» **Task to complete**
Write each line exactly as it stands, from the line containing "this 2048×1536 image." through the end of the data.

:: Data supplied

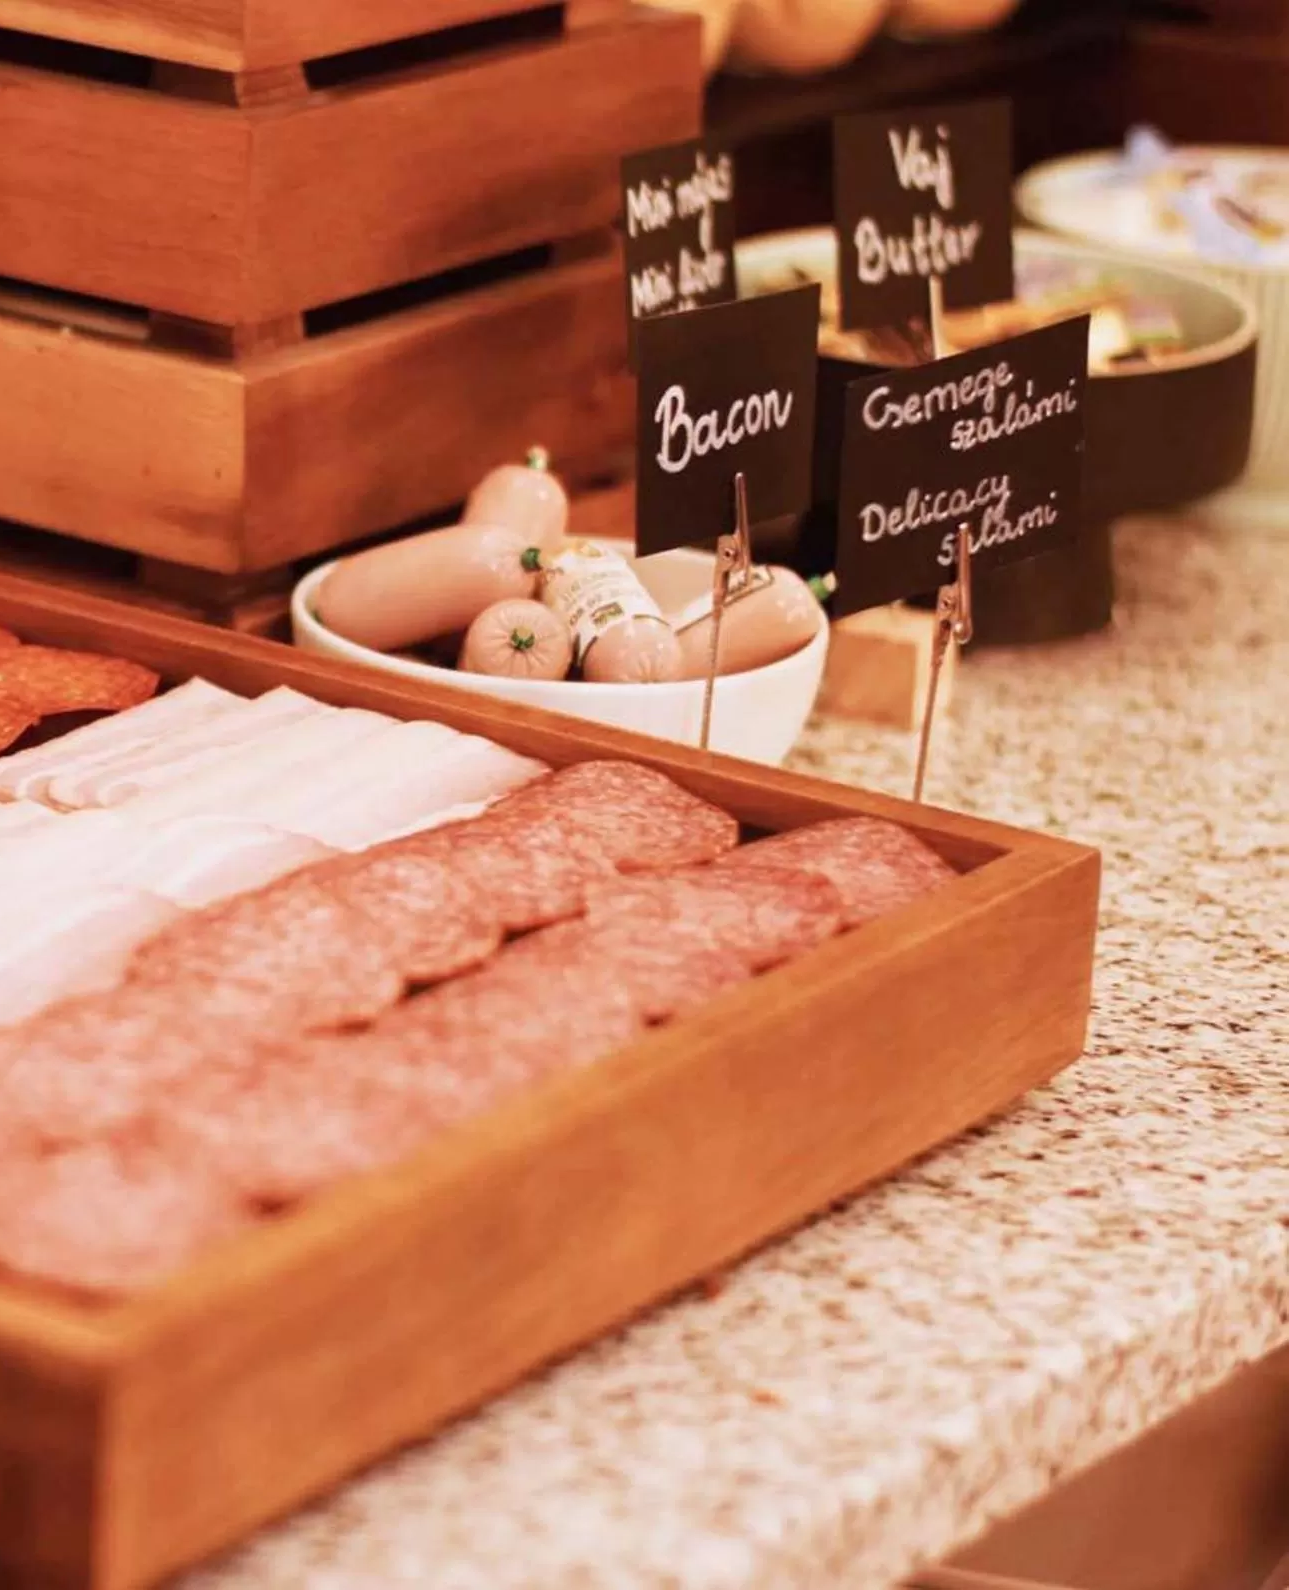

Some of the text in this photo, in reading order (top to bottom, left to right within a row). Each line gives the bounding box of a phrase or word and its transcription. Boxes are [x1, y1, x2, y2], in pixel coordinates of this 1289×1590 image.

[889, 122, 955, 210] Vaj
[626, 176, 674, 237] Mini
[854, 213, 982, 284] Butter
[630, 262, 674, 318] Mini
[654, 384, 792, 473] Bacon
[863, 361, 1014, 430] Csemege
[949, 378, 1077, 450] szalámi
[859, 475, 1013, 543] Delicacy
[937, 491, 1058, 566] slami
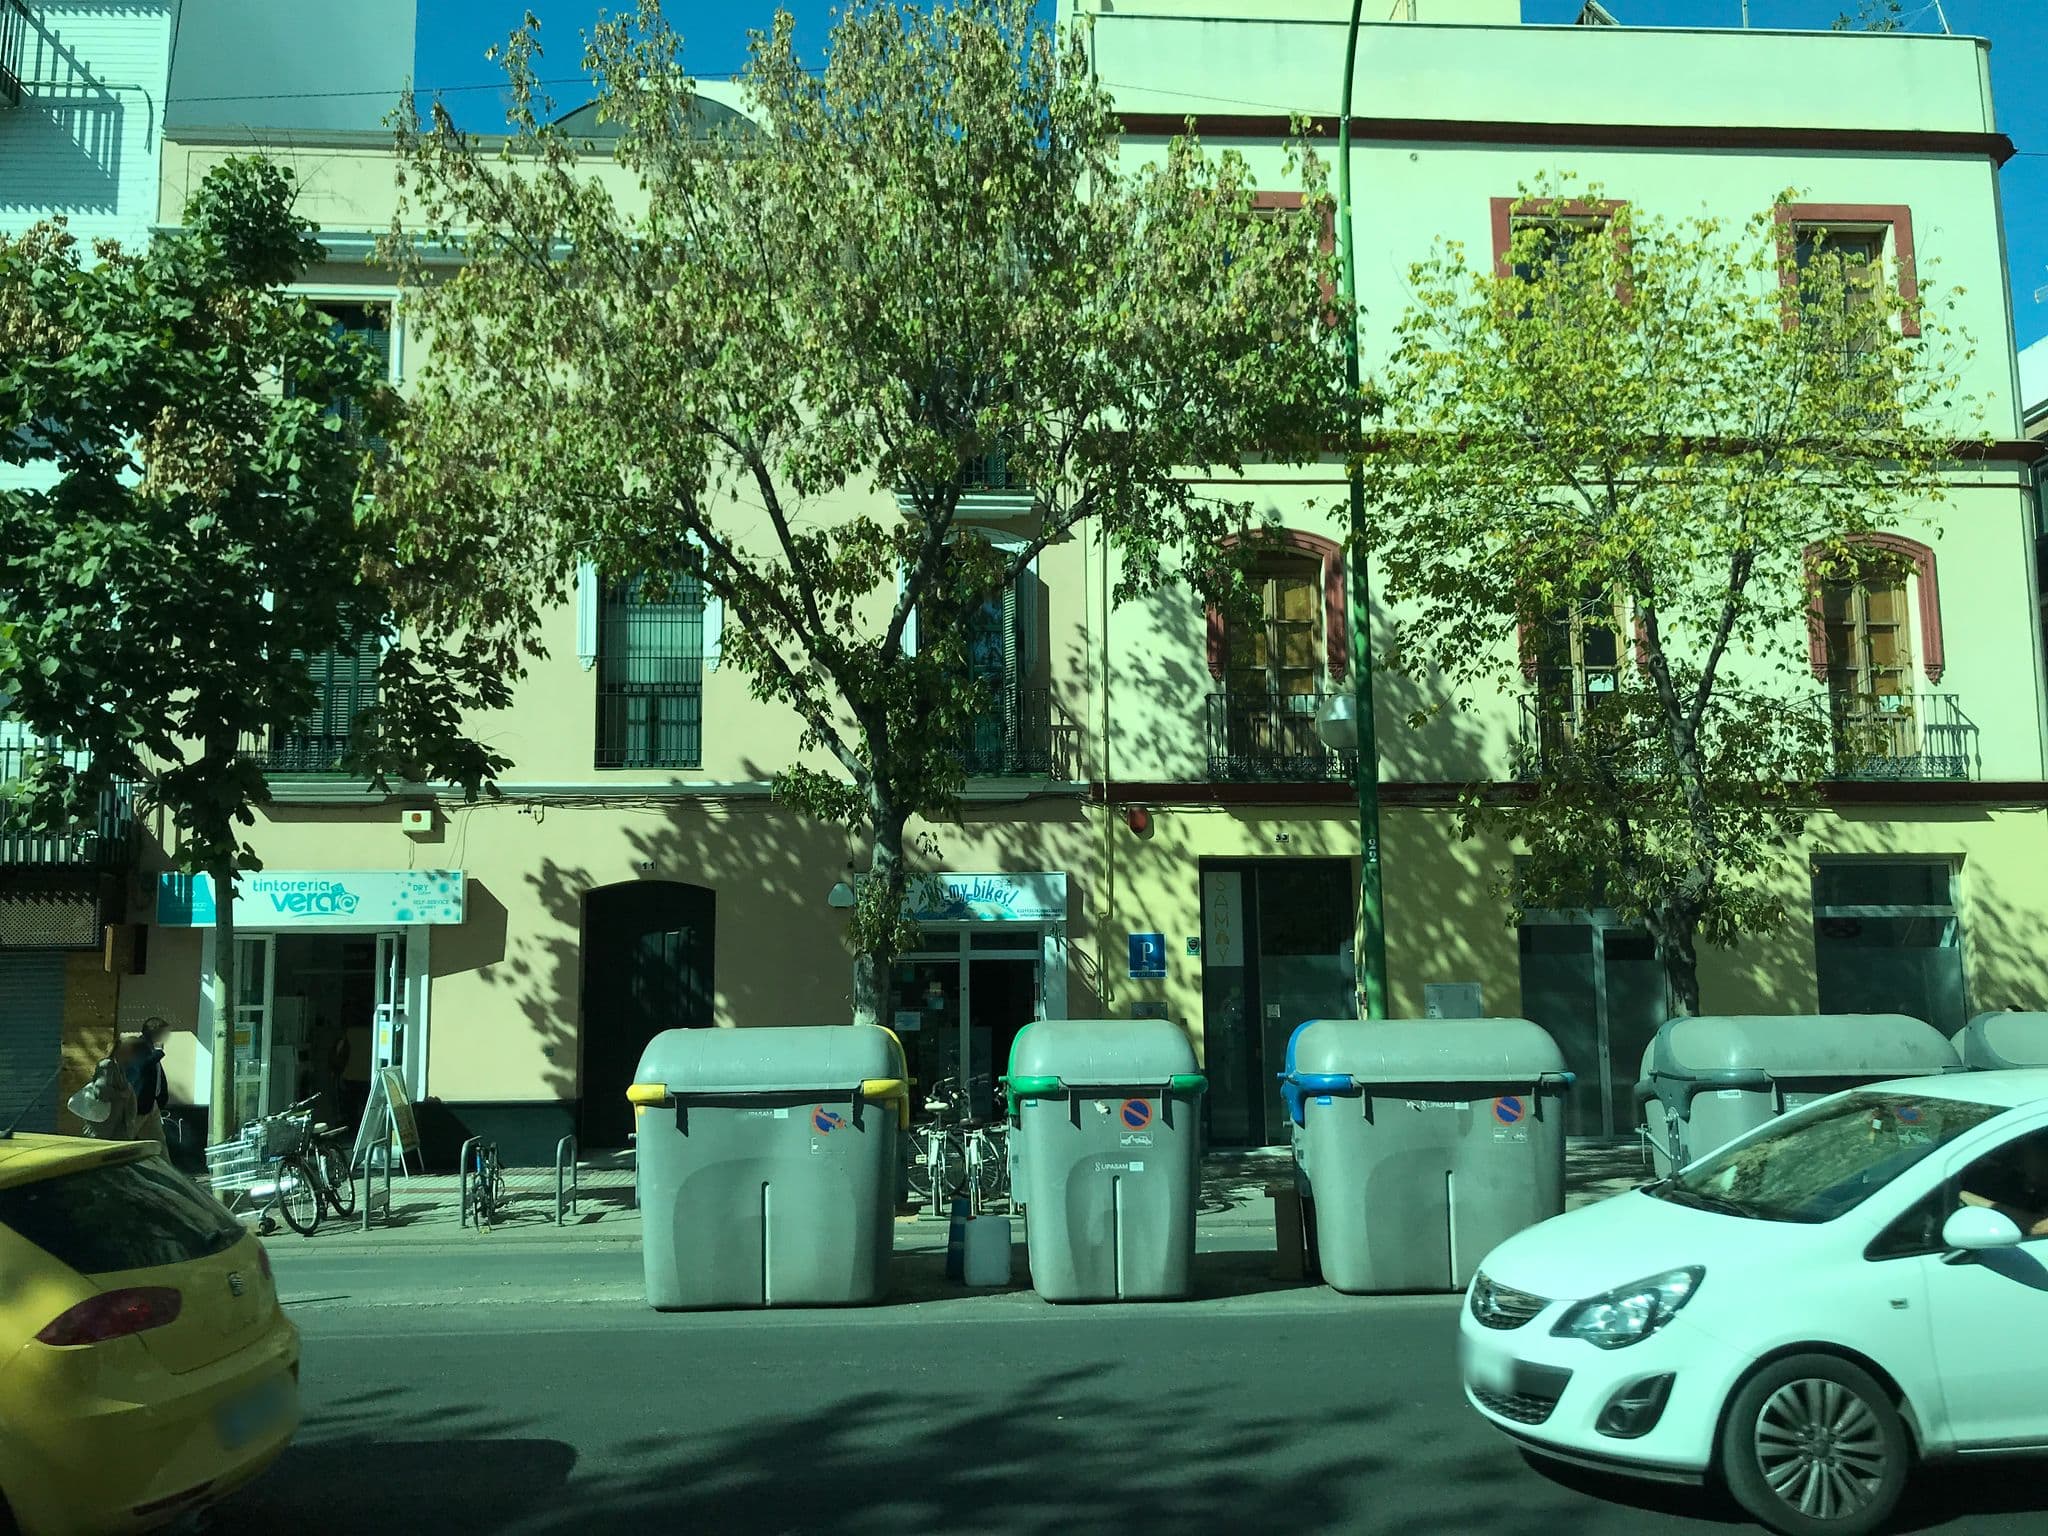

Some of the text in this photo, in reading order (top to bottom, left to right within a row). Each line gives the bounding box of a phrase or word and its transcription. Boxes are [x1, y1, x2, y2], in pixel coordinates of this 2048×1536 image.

[642, 861, 655, 870] 11
[253, 878, 330, 892] tintoreria
[948, 883, 968, 902] my
[973, 877, 1019, 907] bikes!
[1139, 941, 1154, 963] P

::::

» **Result**
Some of the text in this photo, in reading order (top to bottom, left to right within a row). Each line gives the bounding box of a phrase or word and its transcription. Boxes are [x1, y1, x2, y2], in pixel coordinates of this 2048×1536 image.

[642, 861, 655, 870] 11
[253, 878, 330, 892] tintoreria
[948, 883, 968, 902] my
[973, 877, 1019, 907] bikes!
[1139, 941, 1154, 963] P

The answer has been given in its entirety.